Referring expression grounding data:
::::::::
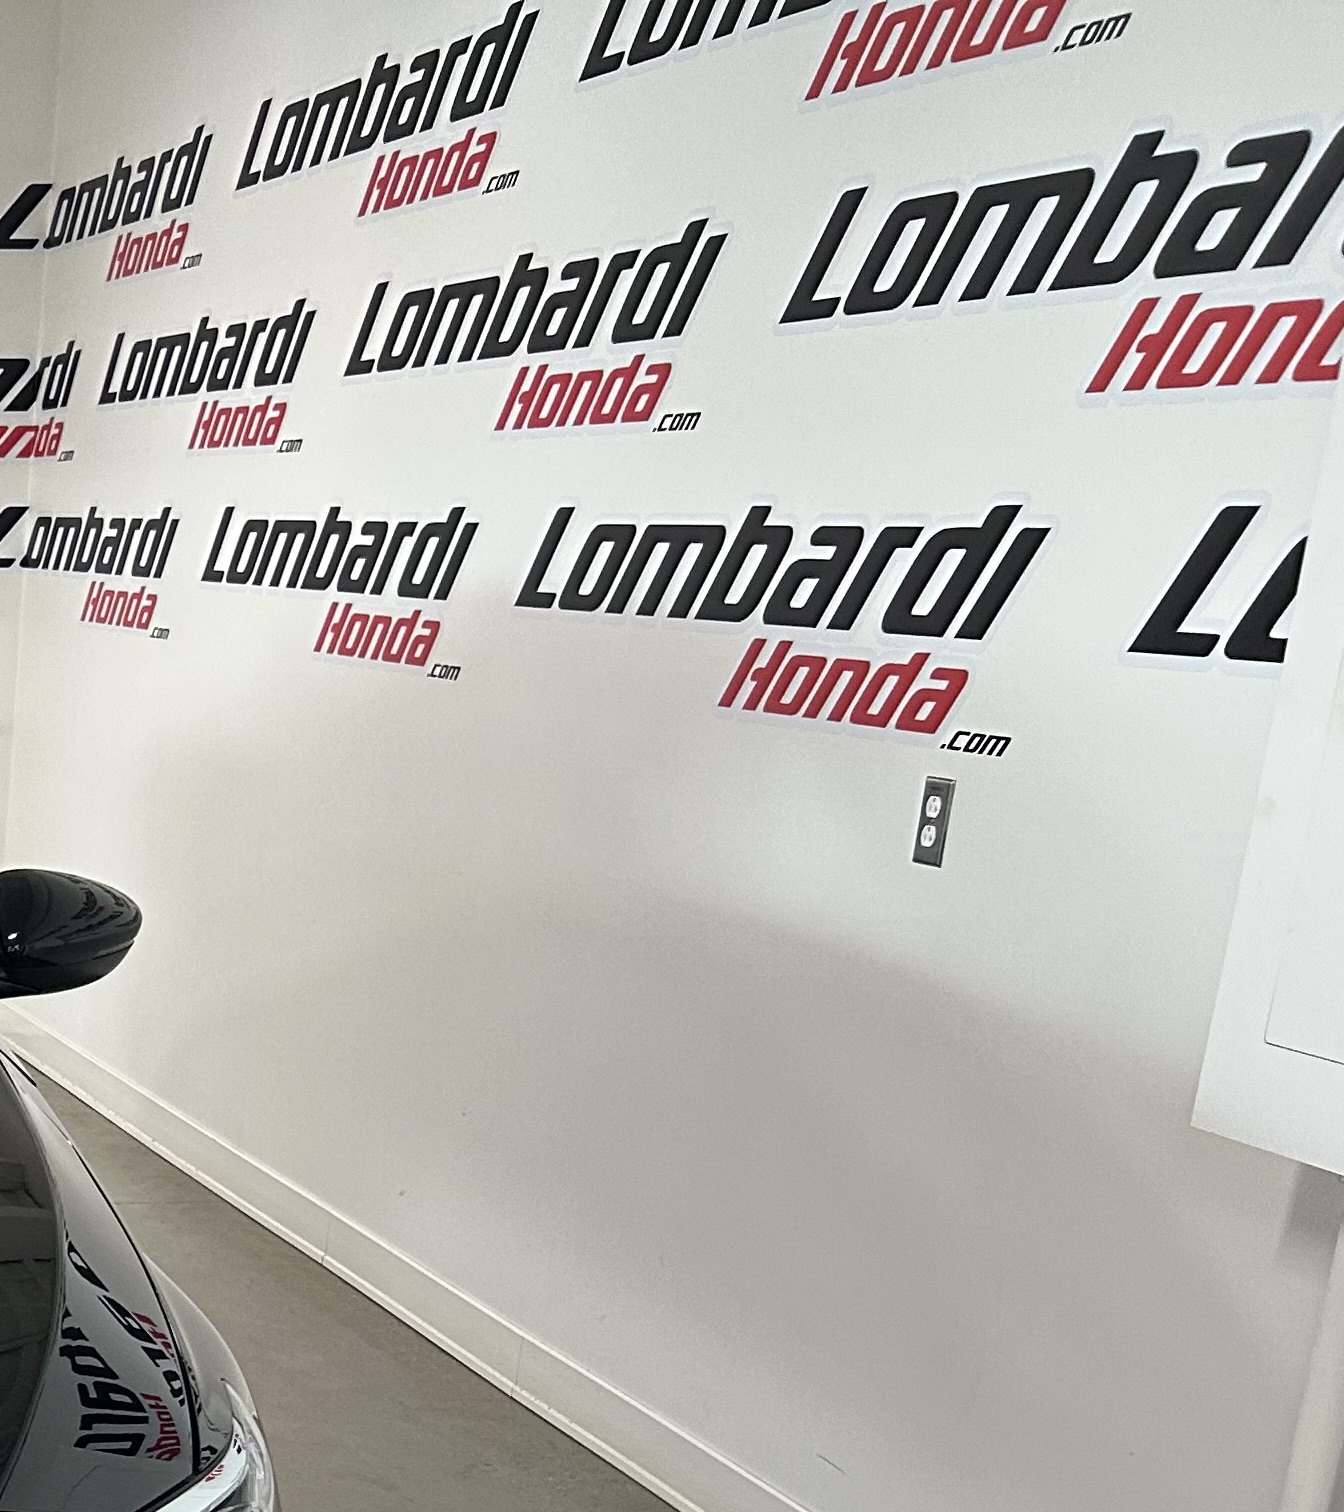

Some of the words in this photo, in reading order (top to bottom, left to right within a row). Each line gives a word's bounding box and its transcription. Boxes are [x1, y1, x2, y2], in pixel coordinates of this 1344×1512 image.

[1053, 13, 1132, 53] .com
[235, 0, 540, 191] Lombardi
[357, 127, 497, 217] Honda
[482, 169, 520, 195] .com
[106, 219, 190, 281] Honda
[779, 125, 1344, 324] Lombar
[343, 218, 728, 376] Lombardi
[97, 299, 316, 405] Lombardi
[495, 355, 672, 431] Honda
[652, 411, 701, 432] .com
[188, 396, 287, 449] Honda
[201, 506, 479, 600] Lombardi
[515, 504, 1050, 640] Lombardi
[80, 581, 157, 630] Honda
[313, 602, 439, 667] Honda
[427, 662, 460, 681] .com
[718, 637, 969, 735] Honda
[940, 729, 1011, 757] .com
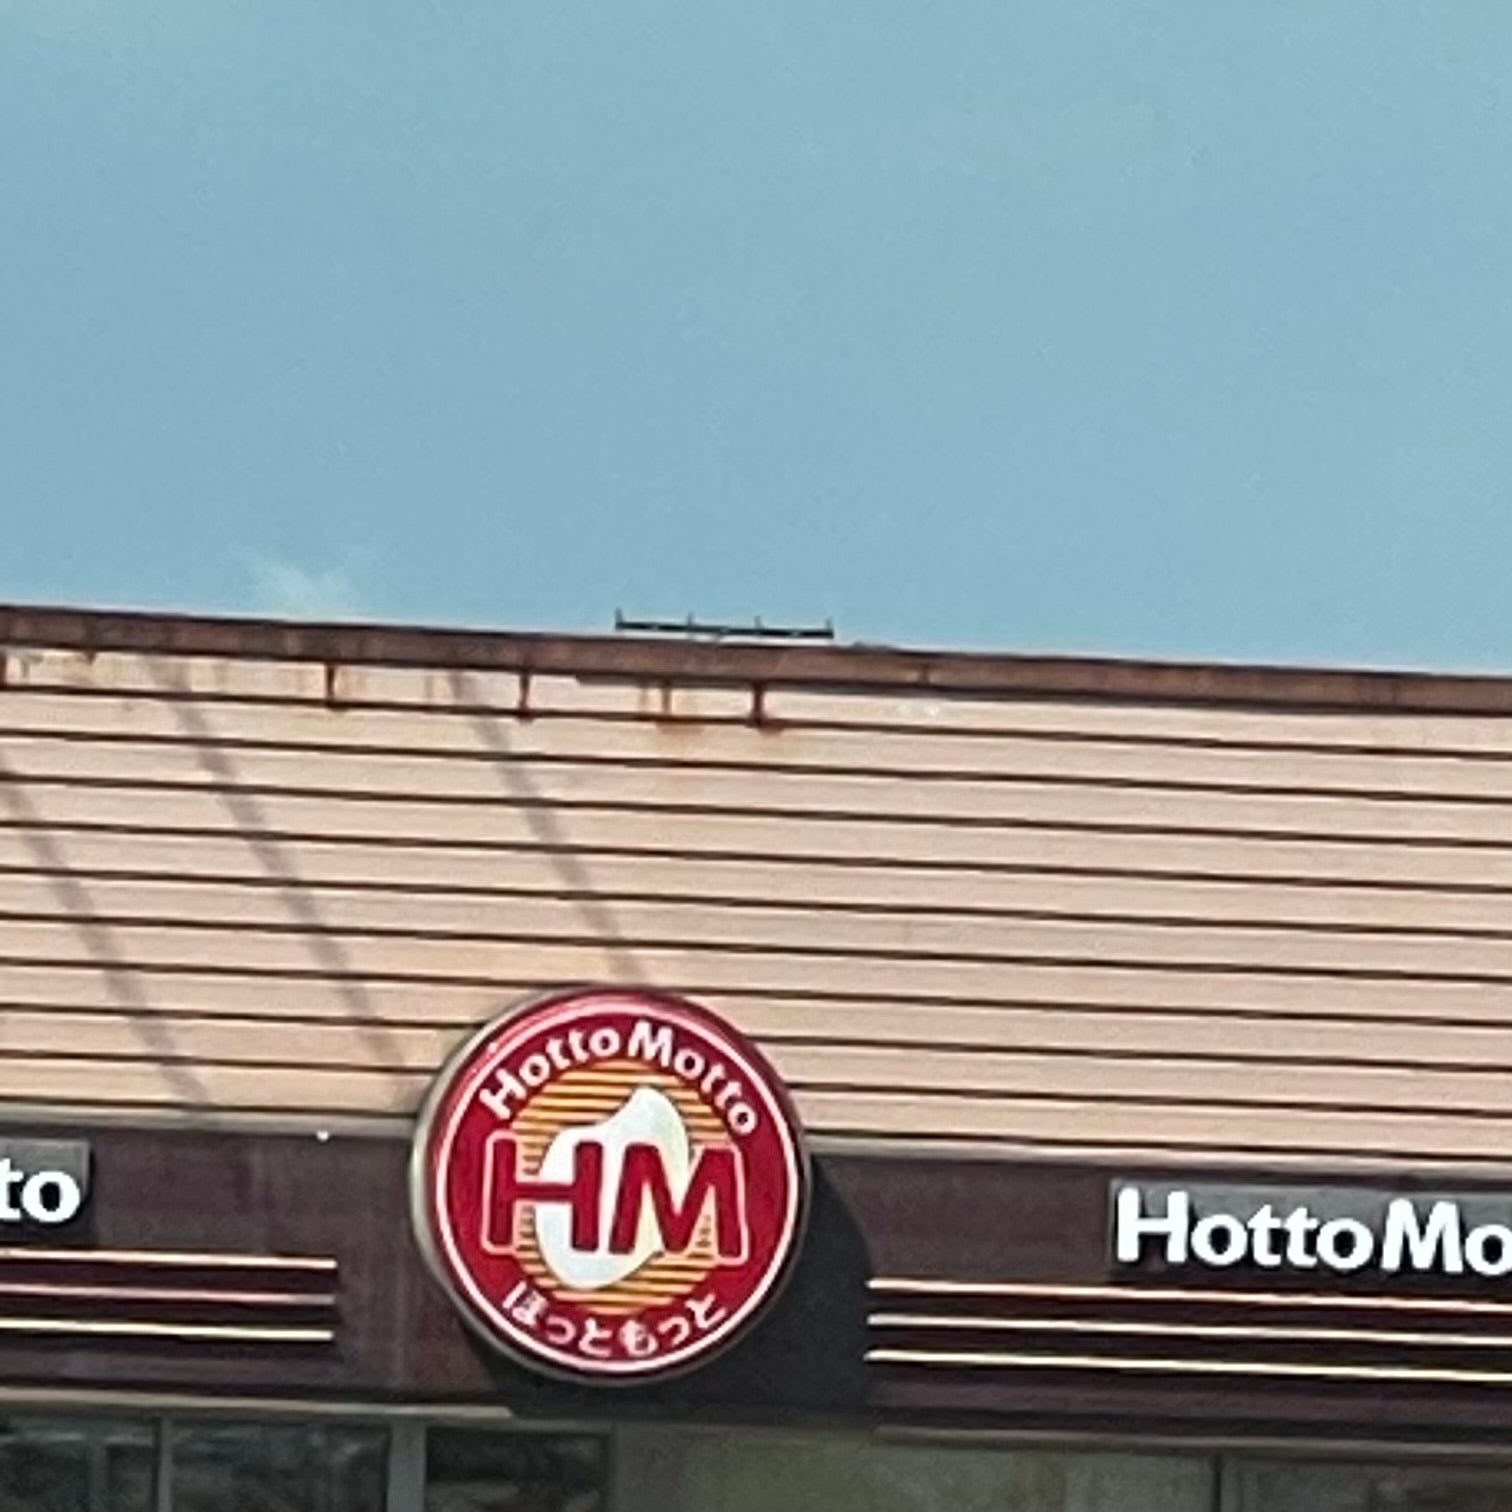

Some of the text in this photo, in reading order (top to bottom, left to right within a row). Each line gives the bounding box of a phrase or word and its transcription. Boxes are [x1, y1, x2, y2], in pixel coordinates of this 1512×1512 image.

[480, 1130, 749, 1267] HM
[502, 1281, 727, 1357] ほっともっと
::::::::
▶ [TASK TO COMPLETE]
Skip the pictures and transcribe the rest of the records exactly.

▶ [OUTPUT FOR THIS EXERCISE]
Some of the words in this photo, in reading order (top to bottom, left to right within a row). Each line gives a word's bounding box and its transcription. Boxes are [x1, y1, x2, y2], in pixel coordinates of this 1344×1512 image.

[1053, 13, 1132, 53] .com
[235, 0, 540, 191] Lombardi
[357, 127, 497, 217] Honda
[482, 169, 520, 195] .com
[106, 219, 190, 281] Honda
[779, 125, 1344, 324] Lombar
[343, 218, 728, 376] Lombardi
[97, 299, 316, 405] Lombardi
[495, 355, 672, 431] Honda
[652, 411, 701, 432] .com
[188, 396, 287, 449] Honda
[201, 506, 479, 600] Lombardi
[515, 504, 1050, 640] Lombardi
[80, 581, 157, 630] Honda
[313, 602, 439, 667] Honda
[427, 662, 460, 681] .com
[718, 637, 969, 735] Honda
[940, 729, 1011, 757] .com

Some of the text in this photo, in reading order (top to bottom, left to right within a row). Each line gives the bounding box of a phrase or word and its transcription. Boxes are [x1, y1, x2, y2], in pixel coordinates of this 1512×1512 image.

[480, 1130, 749, 1267] HM
[502, 1281, 727, 1357] ほっともっと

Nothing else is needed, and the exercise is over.